▶ _Work to complete_
Print, exactly and completely, every entry in the data.

** Opening Data for this exercise block **

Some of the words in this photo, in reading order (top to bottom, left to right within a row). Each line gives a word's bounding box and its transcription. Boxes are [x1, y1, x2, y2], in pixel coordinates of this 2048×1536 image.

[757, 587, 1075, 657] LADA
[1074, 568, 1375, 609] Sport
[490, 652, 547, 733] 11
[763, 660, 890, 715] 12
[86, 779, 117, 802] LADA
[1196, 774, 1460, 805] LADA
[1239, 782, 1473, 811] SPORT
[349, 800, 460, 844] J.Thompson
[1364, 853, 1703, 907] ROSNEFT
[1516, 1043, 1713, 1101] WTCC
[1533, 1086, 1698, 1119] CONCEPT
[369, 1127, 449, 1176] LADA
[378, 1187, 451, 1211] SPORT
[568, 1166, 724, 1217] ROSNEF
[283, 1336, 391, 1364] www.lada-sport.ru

** Closing Data for this exercise block **

▶ _Answer box_
Some of the words in this photo, in reading order (top to bottom, left to right within a row). Each line gives a word's bounding box and its transcription. Boxes are [x1, y1, x2, y2], in pixel coordinates of this 2048×1536 image.

[757, 587, 1075, 657] LADA
[1074, 568, 1375, 609] Sport
[490, 652, 547, 733] 11
[763, 660, 890, 715] 12
[86, 779, 117, 802] LADA
[1196, 774, 1460, 805] LADA
[1239, 782, 1473, 811] SPORT
[349, 800, 460, 844] J.Thompson
[1364, 853, 1703, 907] ROSNEFT
[1516, 1043, 1713, 1101] WTCC
[1533, 1086, 1698, 1119] CONCEPT
[369, 1127, 449, 1176] LADA
[378, 1187, 451, 1211] SPORT
[568, 1166, 724, 1217] ROSNEF
[283, 1336, 391, 1364] www.lada-sport.ru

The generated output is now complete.